The ageing and frail looking Khoza, he is 74, has undoubtedly run his race with Kaizer Chiefs chairman Kaizer Motaung by his side.
Could it be the reality has finally dawned on him that the PSL needs new blood?
Khoza was forthright, he did not mince words when spelling out the calibre of a person he wants taking over and running with his legacy when he decides to call it a day – maybe in 2024, when his current term ends.
Before the PSL was established in 1996, the precursor semi-professional league in the country was known as the National Soccer League (NSL), established in 1985 after the acrimonious and bruising split from the National Professional Soccer League (NPSL).
As the country’s professional football wing, Khoza’s PSL was founded on the constitution of the mother body of pro soccer, the NSL, and was led as a break-away body by NPSL defectors, with the late teacher Leepile Tauyane from Alexandra as chairman, and Durban businessman Roger Sishi as his deputy chair.

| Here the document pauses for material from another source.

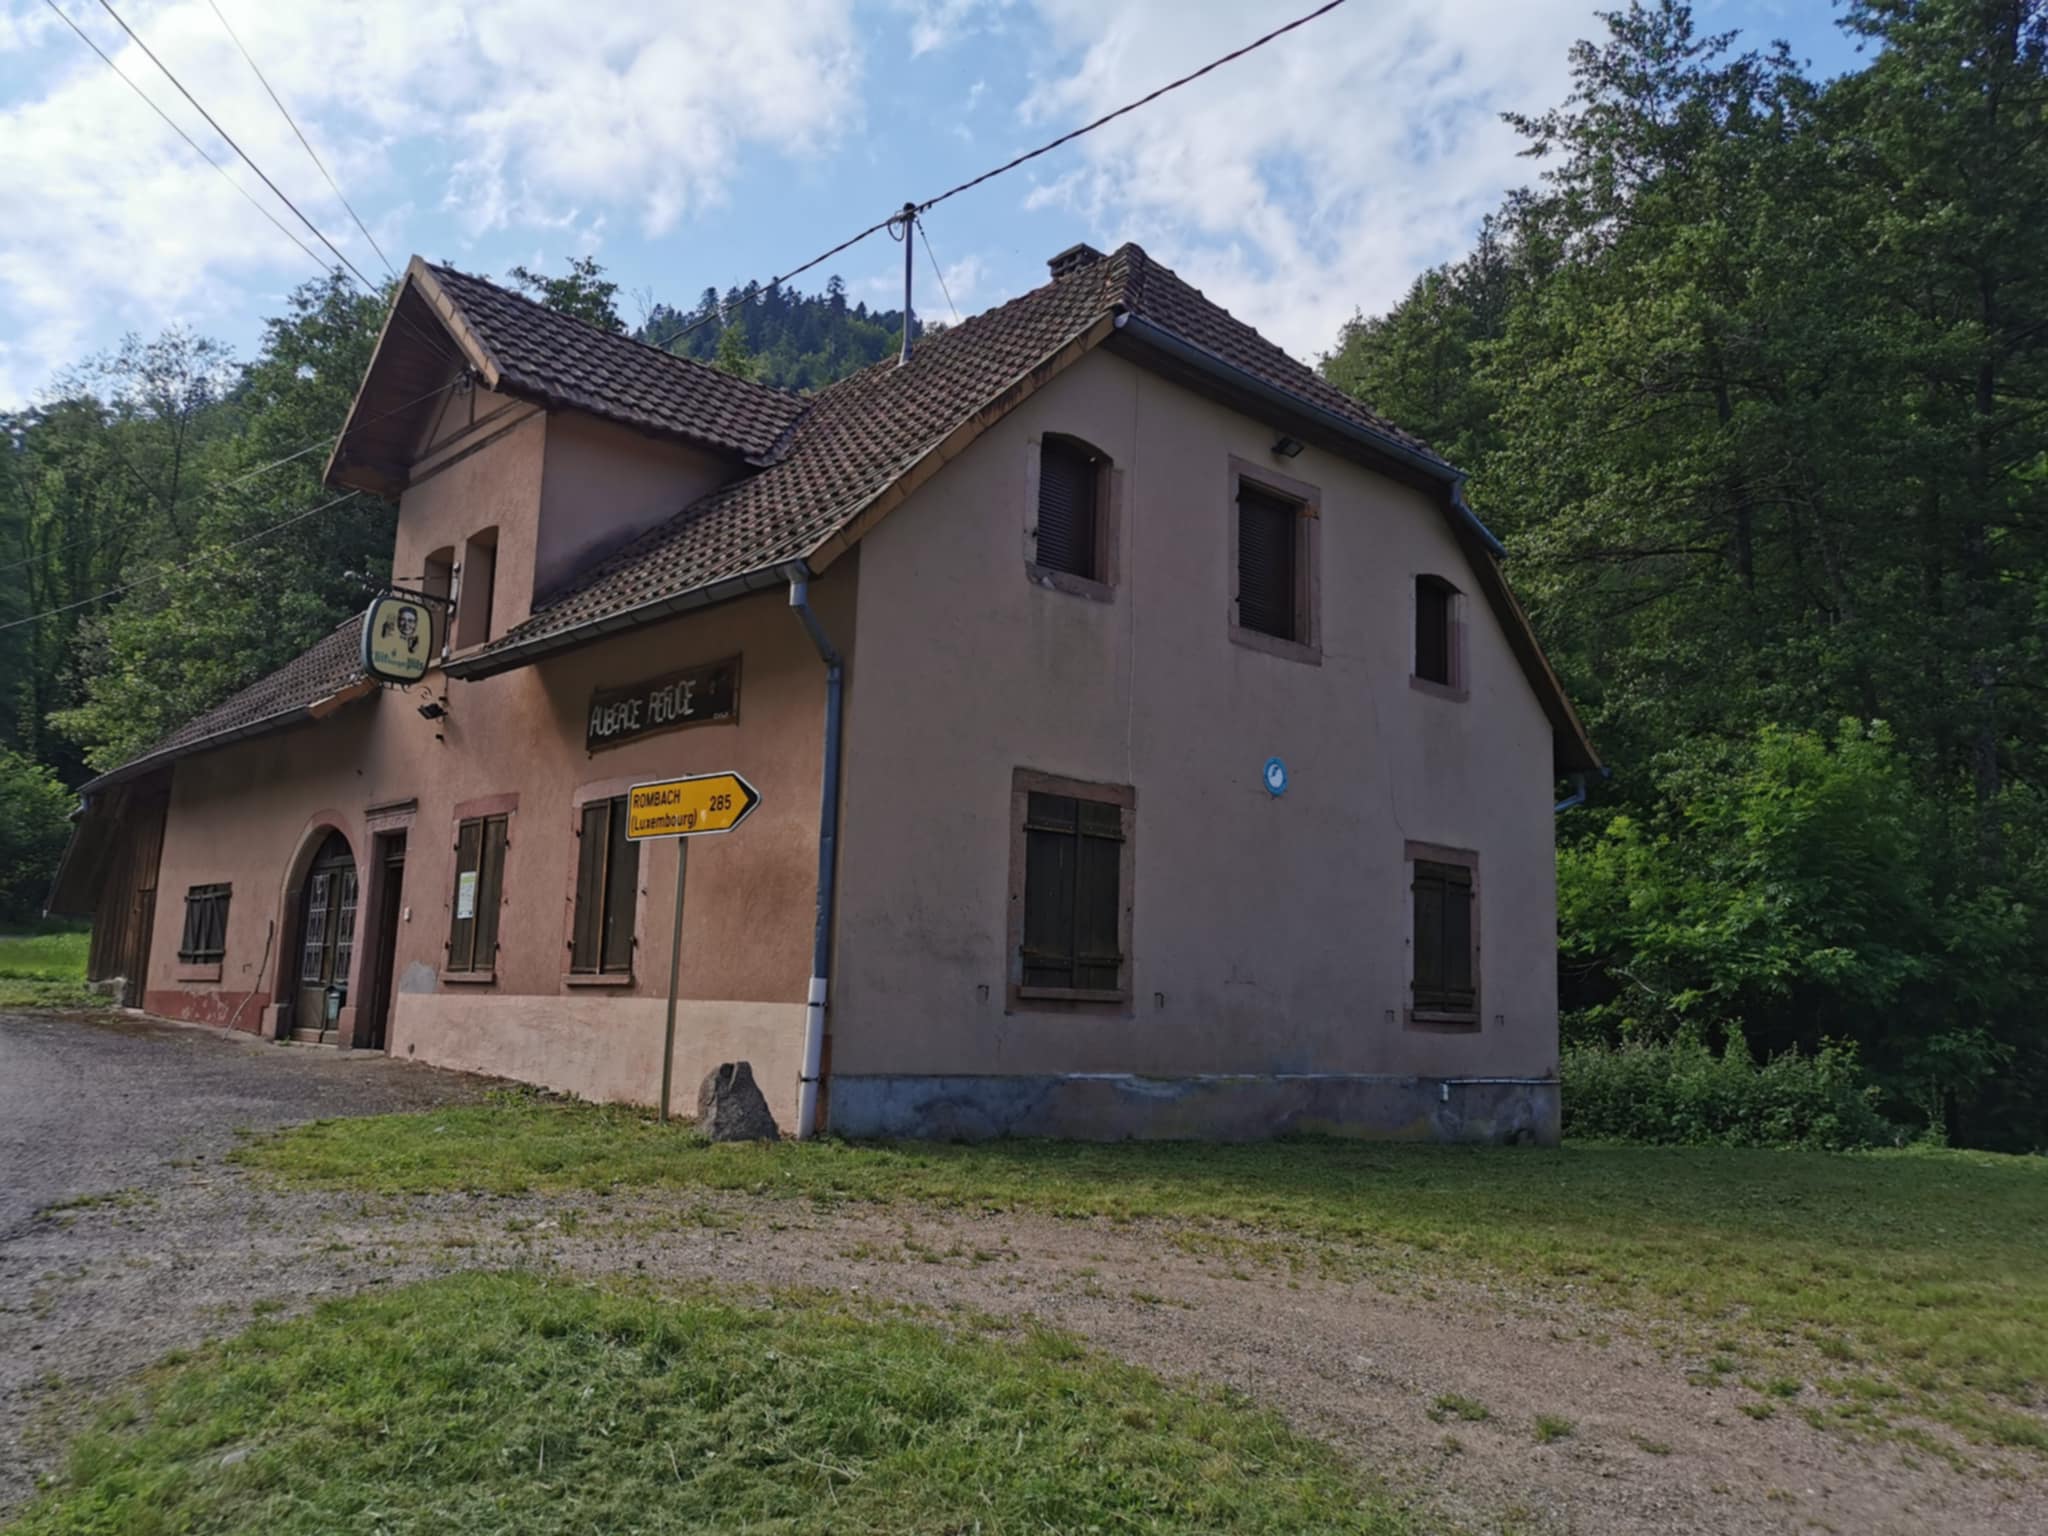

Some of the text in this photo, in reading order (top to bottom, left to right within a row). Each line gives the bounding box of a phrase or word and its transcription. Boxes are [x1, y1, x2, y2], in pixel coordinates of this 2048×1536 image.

[633, 788, 681, 809] ROMBACH
[709, 794, 732, 812] 285
[631, 808, 698, 833] (Luxembourg)

It is not an understatement to say Khoza views the PSL as his baby, and to a certain extent his fiefdom,simply because it was with the blessing of the NSL founders Taunyane and Sishi that the PSL came to be a fully professional football body 26 years ago, with the Iron Duke as its first and still serving chairman.
The moniker “PSL chairman” has become synonymous with Khoza and perhaps that is the very reason he believes it is his birth right to dictate the future of the football organisation when he decides to finally relinquish the throne.
Many of Khoza’s critics among his fellow PSL club bosses have been harshly silenced over the years after having the audacity to come out publicly declaring their readiness to oppose him come election time.
Ask TS Galaxy chairman Tim Sukazi why he did not carry out his ambition tochallenge Khoza in 2020.
Instead, Khoza ran the race alone, unopposed as has been the case over the past two-and- a-half decades.
Outlining the traits he wants from his successor, Khoza declared the newcomer must have worked at amateur and grassroots level with local football associations as he did in Alexandra township.
His successor must also be conversant with how the league is run and understand its challenges going forward.
The next man in line must have a deep understanding of the ins and outs of football commercialisation, what the sponsors require, including how to bring major stakeholders, the clubs and football fans into the product that is the PSL.
Could it be that Khoza has already identified the heir to his throne?